The researchers found that land plants had evolved on Earth by about 700 million years ago and land fungi by about 1,300 million years ago--much earlier than previous estimates of around 480 million years ago, which were based on the earliest fossils of those organisms.

Prior to this study, it was believed that Earth's landscape at that time was covered with barren rocks harboring nothing more than some bacteria and possibly some algae.

No undisputed fossils of the earliest land plants and fungi have been found in rocks formed during the Precambrian period, says Hedges, possibly because their primitive bodies were too soft to turn into fossils.The early appearance on the land of fungi and plants suggests their plausible role in both the mysterious lowering of the Earth's surface temperature during the series of Snowball Earth events roughly 750 million to 580 million years ago and the sudden appearance of many new species of fossil animals during the Cambrian Explosion era roughly 530 million years ago.

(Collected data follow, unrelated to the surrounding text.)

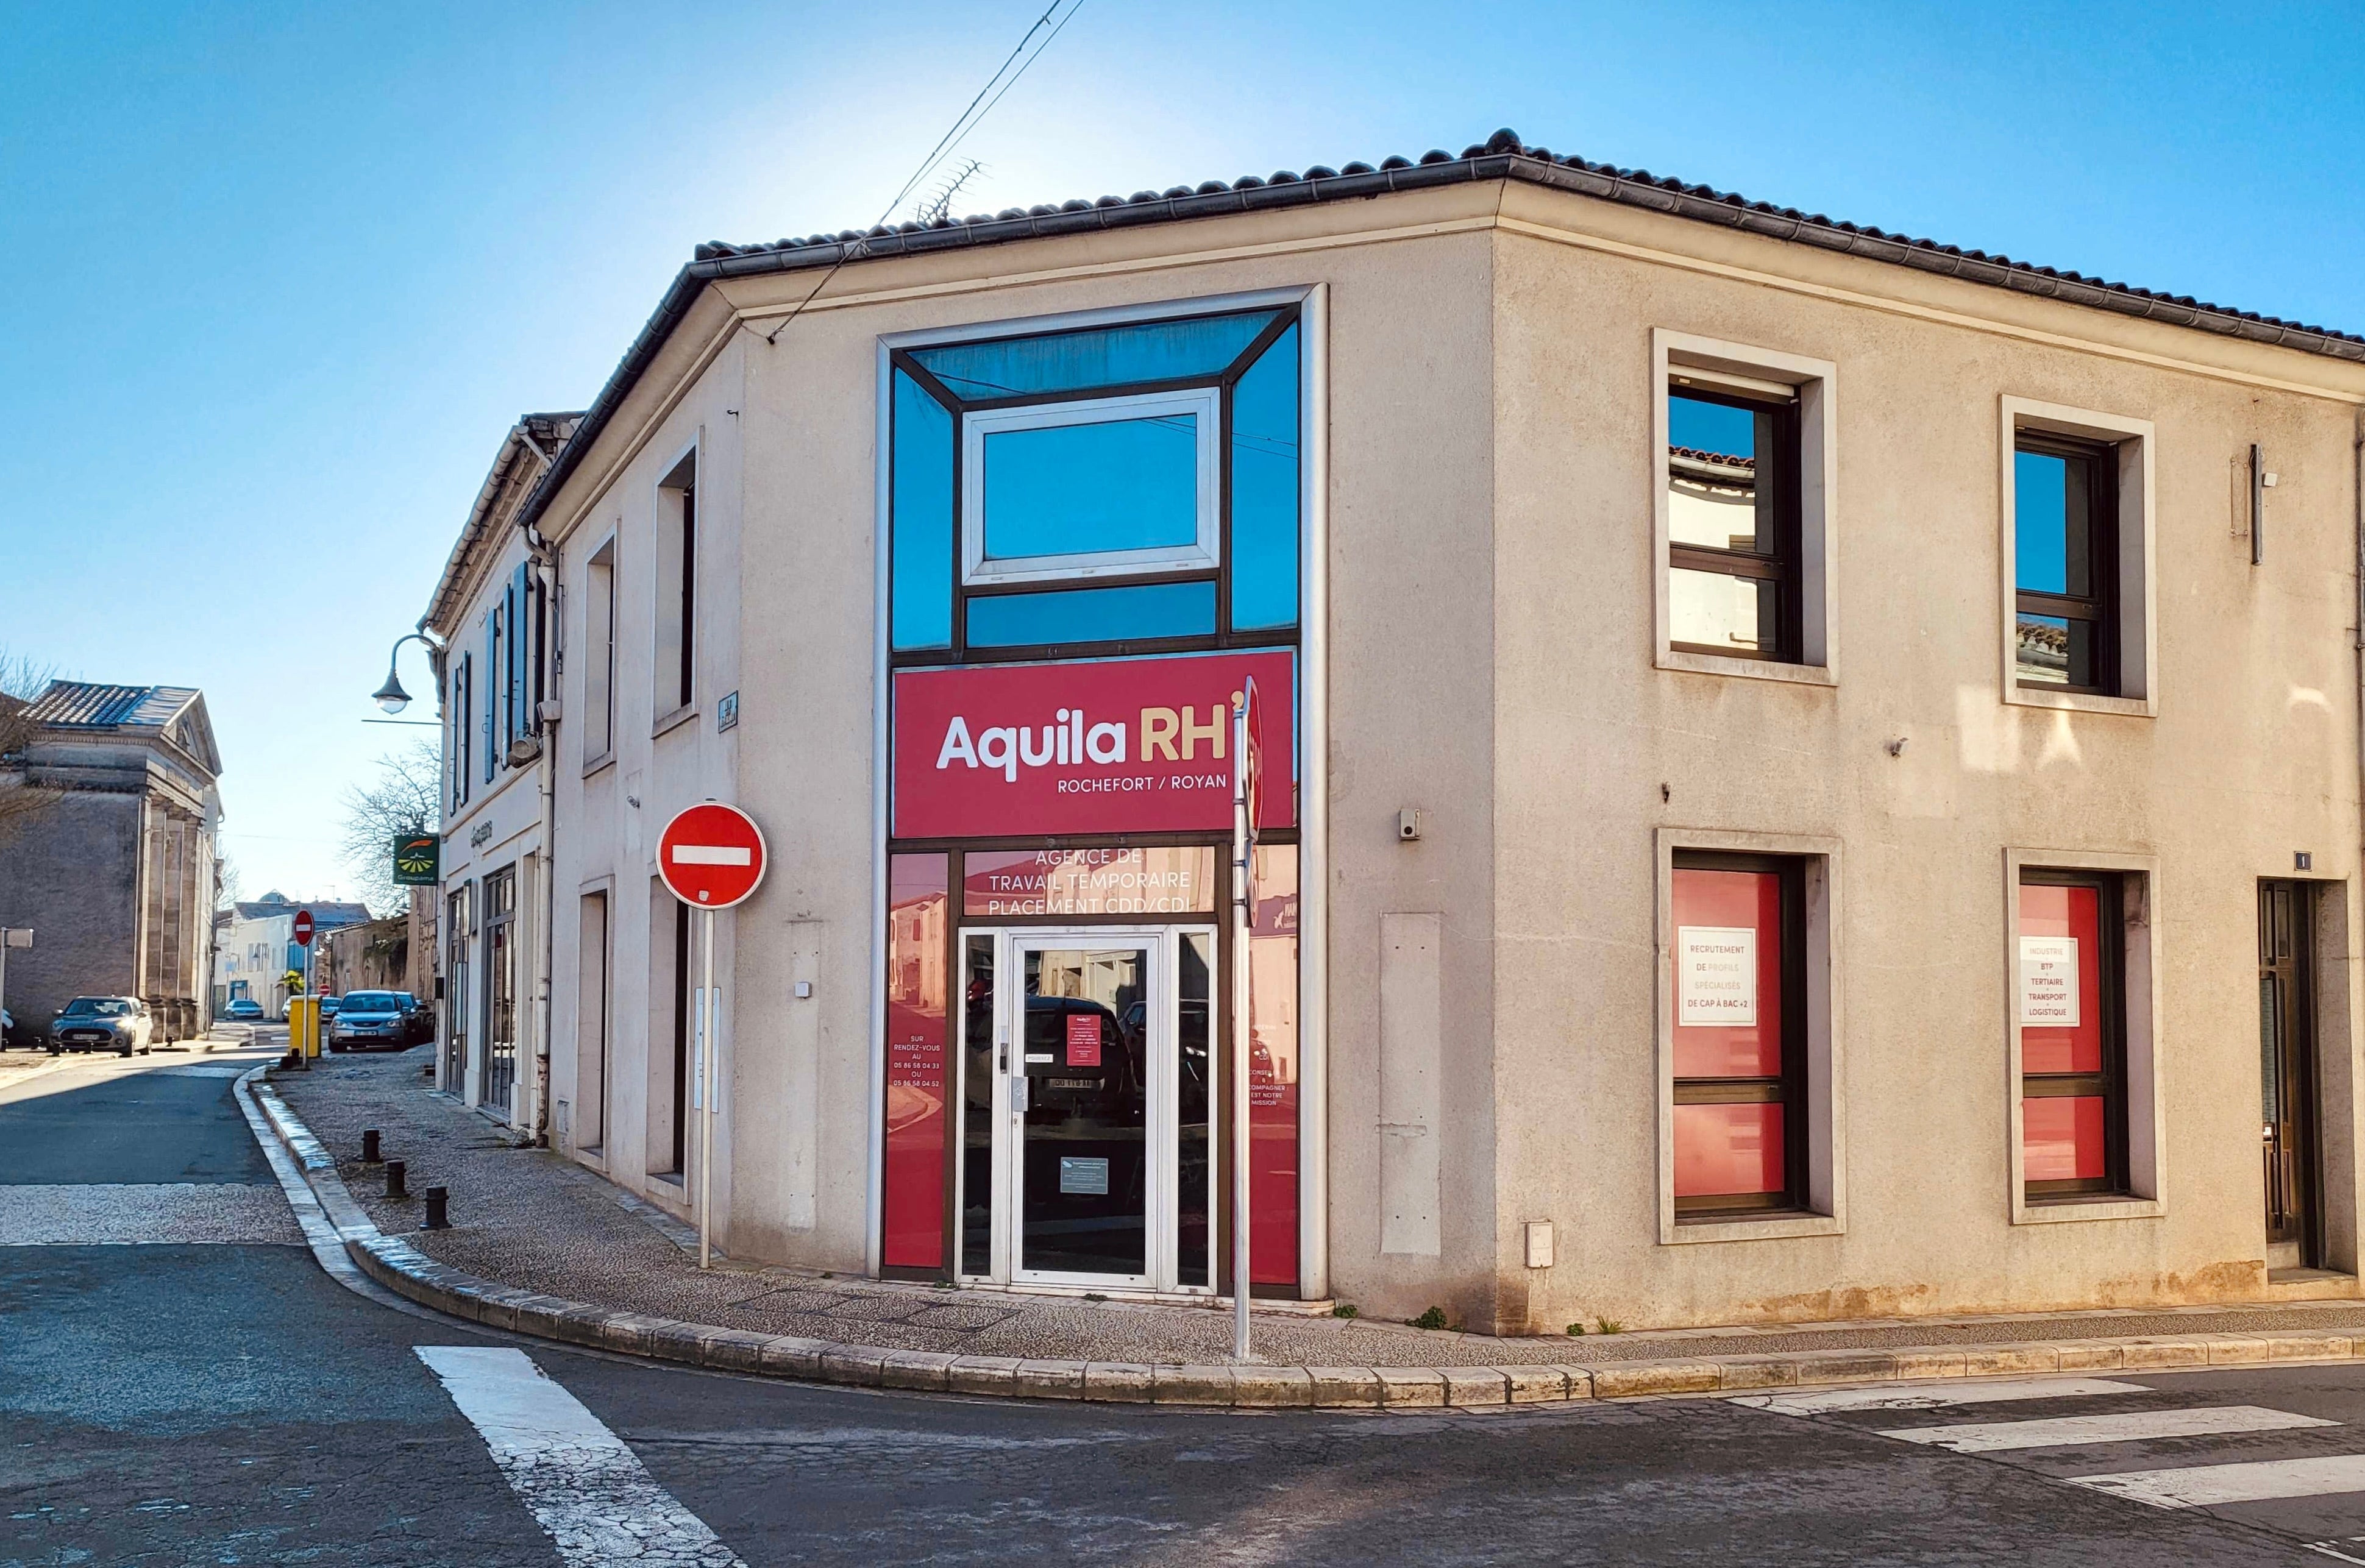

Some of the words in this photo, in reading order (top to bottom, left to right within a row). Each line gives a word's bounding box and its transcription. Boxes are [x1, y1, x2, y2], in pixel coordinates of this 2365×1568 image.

[936, 708, 1126, 782] Aquila
[1058, 776, 1154, 793] ROCHEFORT
[1158, 776, 1166, 790] /
[1172, 774, 1226, 790] ROYAN
[1036, 849, 1111, 865] AGENCE
[1118, 848, 1142, 864] DE
[2301, 856, 2305, 867] 1
[989, 874, 1061, 891] TRAVAIL
[1068, 871, 1190, 889] TEMPORAIRE
[989, 898, 1101, 915] PLACEMENT
[1106, 896, 1190, 913] CDD/CDI
[1690, 945, 1745, 954] RECRUTEMENT
[1724, 999, 1738, 1008] BAC

"Both the lowering of the Earth's surface temperature and the evolution of many new types of animals could result from a decrease in atmospheric carbon dioxide and a rise in oxygen caused by presence on land of lichen fungi and plants at this time, which our research suggests," Hedges says.

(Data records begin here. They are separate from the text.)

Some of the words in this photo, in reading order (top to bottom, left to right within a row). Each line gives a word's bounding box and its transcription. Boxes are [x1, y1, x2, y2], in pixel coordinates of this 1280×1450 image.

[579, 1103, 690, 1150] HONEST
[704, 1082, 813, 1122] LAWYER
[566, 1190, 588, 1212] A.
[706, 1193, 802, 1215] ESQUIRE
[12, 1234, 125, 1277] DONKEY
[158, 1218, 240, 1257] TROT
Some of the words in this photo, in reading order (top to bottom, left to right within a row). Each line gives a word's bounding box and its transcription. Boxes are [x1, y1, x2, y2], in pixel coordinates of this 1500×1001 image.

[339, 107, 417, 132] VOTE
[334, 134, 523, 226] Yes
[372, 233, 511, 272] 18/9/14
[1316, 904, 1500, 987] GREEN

"An increase in land plant abundance may have occurred at the time just before the period known as the Cambrian Explosion, when the next Snowball Earth period failed to occur because temperatures did not get quite cold enough," Hedges says. "The plants conceivably boosted oxygen levels in the atmosphere high enough for animals to develop skeletons, grow larger, and diversify." Lichens are believed to have been the first fungi to team up with photosynthesizing organisms like cyanobacteria and green algae.

Lichens can live without rain for months, providing protection for photosynthesizing organisms, which produce oxygen and release it into the atmosphere. The researchers suggest that the pioneer lichen fungi, which produce acids strong enough to dissolve rocks, also could have helped to reduce carbon dioxide. When washed away by rainwater, calcium released from lichen-encrusted rocks eventually forms calcium carbonate limestone in the ocean, preventing the carbon atoms from forming the greenhouse gas, carbon dioxide, in the atmosphere.

Land plants also can lower levels of carbon dioxide in the atmosphere. They have molecules called lignins, which contain carbon but do not readily decompose.